### Problem details
Copy all entries exactly.

### Data for this exercise
--- START ---
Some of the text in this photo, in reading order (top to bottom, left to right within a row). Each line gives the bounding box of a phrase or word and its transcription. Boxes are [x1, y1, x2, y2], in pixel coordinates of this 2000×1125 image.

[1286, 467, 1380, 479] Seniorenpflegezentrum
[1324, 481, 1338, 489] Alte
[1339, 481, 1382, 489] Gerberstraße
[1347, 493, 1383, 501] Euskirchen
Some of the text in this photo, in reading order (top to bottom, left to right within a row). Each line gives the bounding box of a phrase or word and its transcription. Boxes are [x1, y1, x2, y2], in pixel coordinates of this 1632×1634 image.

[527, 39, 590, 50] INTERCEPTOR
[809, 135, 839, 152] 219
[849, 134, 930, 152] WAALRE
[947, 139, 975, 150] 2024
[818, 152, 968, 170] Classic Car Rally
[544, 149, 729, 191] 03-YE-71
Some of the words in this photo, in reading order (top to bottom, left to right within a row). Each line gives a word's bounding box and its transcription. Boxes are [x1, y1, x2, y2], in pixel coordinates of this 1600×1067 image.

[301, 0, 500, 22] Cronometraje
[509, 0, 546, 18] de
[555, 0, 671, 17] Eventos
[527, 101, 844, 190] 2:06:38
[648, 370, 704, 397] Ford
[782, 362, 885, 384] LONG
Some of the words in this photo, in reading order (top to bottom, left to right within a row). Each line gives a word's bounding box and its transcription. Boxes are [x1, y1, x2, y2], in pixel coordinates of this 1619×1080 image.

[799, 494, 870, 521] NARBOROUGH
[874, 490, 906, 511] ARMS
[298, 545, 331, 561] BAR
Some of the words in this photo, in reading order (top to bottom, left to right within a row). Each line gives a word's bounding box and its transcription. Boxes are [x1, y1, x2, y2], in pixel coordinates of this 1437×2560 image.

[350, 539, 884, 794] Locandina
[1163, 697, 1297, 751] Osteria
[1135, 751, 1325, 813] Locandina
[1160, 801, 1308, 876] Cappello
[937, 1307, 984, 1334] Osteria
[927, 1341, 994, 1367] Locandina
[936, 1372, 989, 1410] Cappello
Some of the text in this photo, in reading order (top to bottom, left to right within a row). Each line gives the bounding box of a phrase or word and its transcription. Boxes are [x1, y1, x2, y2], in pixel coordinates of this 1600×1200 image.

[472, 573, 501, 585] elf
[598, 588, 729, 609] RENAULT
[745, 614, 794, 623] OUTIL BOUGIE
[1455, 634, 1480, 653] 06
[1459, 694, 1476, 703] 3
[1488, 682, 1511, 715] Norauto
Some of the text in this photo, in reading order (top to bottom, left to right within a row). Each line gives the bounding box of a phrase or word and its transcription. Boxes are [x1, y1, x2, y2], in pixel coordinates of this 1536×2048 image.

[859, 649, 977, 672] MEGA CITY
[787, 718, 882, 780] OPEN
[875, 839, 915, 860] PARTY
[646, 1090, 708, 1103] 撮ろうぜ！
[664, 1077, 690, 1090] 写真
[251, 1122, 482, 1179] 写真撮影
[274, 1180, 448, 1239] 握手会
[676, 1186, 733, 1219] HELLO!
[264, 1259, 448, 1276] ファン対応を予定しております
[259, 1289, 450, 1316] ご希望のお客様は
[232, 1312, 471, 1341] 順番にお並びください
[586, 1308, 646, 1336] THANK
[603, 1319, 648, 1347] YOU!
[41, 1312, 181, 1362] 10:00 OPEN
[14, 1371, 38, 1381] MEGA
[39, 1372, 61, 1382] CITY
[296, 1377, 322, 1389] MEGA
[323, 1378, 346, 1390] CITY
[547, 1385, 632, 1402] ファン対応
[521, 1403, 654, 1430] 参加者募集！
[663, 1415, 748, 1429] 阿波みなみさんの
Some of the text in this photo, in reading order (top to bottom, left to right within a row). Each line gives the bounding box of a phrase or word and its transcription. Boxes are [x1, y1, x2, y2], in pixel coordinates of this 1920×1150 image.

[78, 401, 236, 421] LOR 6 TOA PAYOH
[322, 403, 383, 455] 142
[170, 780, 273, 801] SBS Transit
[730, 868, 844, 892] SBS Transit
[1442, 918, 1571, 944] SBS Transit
--- END ---
### Response to the task
Some of the text in this photo, in reading order (top to bottom, left to right within a row). Each line gives the bounding box of a phrase or word and its transcription. Boxes are [x1, y1, x2, y2], in pixel coordinates of this 2000×1125 image.

[1286, 467, 1380, 479] Seniorenpflegezentrum
[1324, 481, 1338, 489] Alte
[1339, 481, 1382, 489] Gerberstraße
[1347, 493, 1383, 501] Euskirchen
Some of the text in this photo, in reading order (top to bottom, left to right within a row). Each line gives the bounding box of a phrase or word and its transcription. Boxes are [x1, y1, x2, y2], in pixel coordinates of this 1632×1634 image.

[527, 39, 590, 50] INTERCEPTOR
[809, 135, 839, 152] 219
[849, 134, 930, 152] WAALRE
[947, 139, 975, 150] 2024
[818, 152, 968, 170] Classic Car Rally
[544, 149, 729, 191] 03-YE-71
Some of the words in this photo, in reading order (top to bottom, left to right within a row). Each line gives a word's bounding box and its transcription. Boxes are [x1, y1, x2, y2], in pixel coordinates of this 1600×1067 image.

[301, 0, 500, 22] Cronometraje
[509, 0, 546, 18] de
[555, 0, 671, 17] Eventos
[527, 101, 844, 190] 2:06:38
[648, 370, 704, 397] Ford
[782, 362, 885, 384] LONG
Some of the words in this photo, in reading order (top to bottom, left to right within a row). Each line gives a word's bounding box and its transcription. Boxes are [x1, y1, x2, y2], in pixel coordinates of this 1619×1080 image.

[799, 494, 870, 521] NARBOROUGH
[874, 490, 906, 511] ARMS
[298, 545, 331, 561] BAR
Some of the words in this photo, in reading order (top to bottom, left to right within a row). Each line gives a word's bounding box and its transcription. Boxes are [x1, y1, x2, y2], in pixel coordinates of this 1437×2560 image.

[350, 539, 884, 794] Locandina
[1163, 697, 1297, 751] Osteria
[1135, 751, 1325, 813] Locandina
[1160, 801, 1308, 876] Cappello
[937, 1307, 984, 1334] Osteria
[927, 1341, 994, 1367] Locandina
[936, 1372, 989, 1410] Cappello
Some of the text in this photo, in reading order (top to bottom, left to right within a row). Each line gives the bounding box of a phrase or word and its transcription. Boxes are [x1, y1, x2, y2], in pixel coordinates of this 1600×1200 image.

[472, 573, 501, 585] elf
[598, 588, 729, 609] RENAULT
[745, 614, 794, 623] OUTIL BOUGIE
[1455, 634, 1480, 653] 06
[1459, 694, 1476, 703] 3
[1488, 682, 1511, 715] Norauto
Some of the text in this photo, in reading order (top to bottom, left to right within a row). Each line gives the bounding box of a phrase or word and its transcription. Boxes are [x1, y1, x2, y2], in pixel coordinates of this 1536×2048 image.

[859, 649, 977, 672] MEGA CITY
[787, 718, 882, 780] OPEN
[875, 839, 915, 860] PARTY
[646, 1090, 708, 1103] 撮ろうぜ！
[664, 1077, 690, 1090] 写真
[251, 1122, 482, 1179] 写真撮影
[274, 1180, 448, 1239] 握手会
[676, 1186, 733, 1219] HELLO!
[264, 1259, 448, 1276] ファン対応を予定しております
[259, 1289, 450, 1316] ご希望のお客様は
[232, 1312, 471, 1341] 順番にお並びください
[586, 1308, 646, 1336] THANK
[603, 1319, 648, 1347] YOU!
[41, 1312, 181, 1362] 10:00 OPEN
[14, 1371, 38, 1381] MEGA
[39, 1372, 61, 1382] CITY
[296, 1377, 322, 1389] MEGA
[323, 1378, 346, 1390] CITY
[547, 1385, 632, 1402] ファン対応
[521, 1403, 654, 1430] 参加者募集！
[663, 1415, 748, 1429] 阿波みなみさんの
Some of the text in this photo, in reading order (top to bottom, left to right within a row). Each line gives the bounding box of a phrase or word and its transcription. Boxes are [x1, y1, x2, y2], in pixel coordinates of this 1920×1150 image.

[78, 401, 236, 421] LOR 6 TOA PAYOH
[322, 403, 383, 455] 142
[170, 780, 273, 801] SBS Transit
[730, 868, 844, 892] SBS Transit
[1442, 918, 1571, 944] SBS Transit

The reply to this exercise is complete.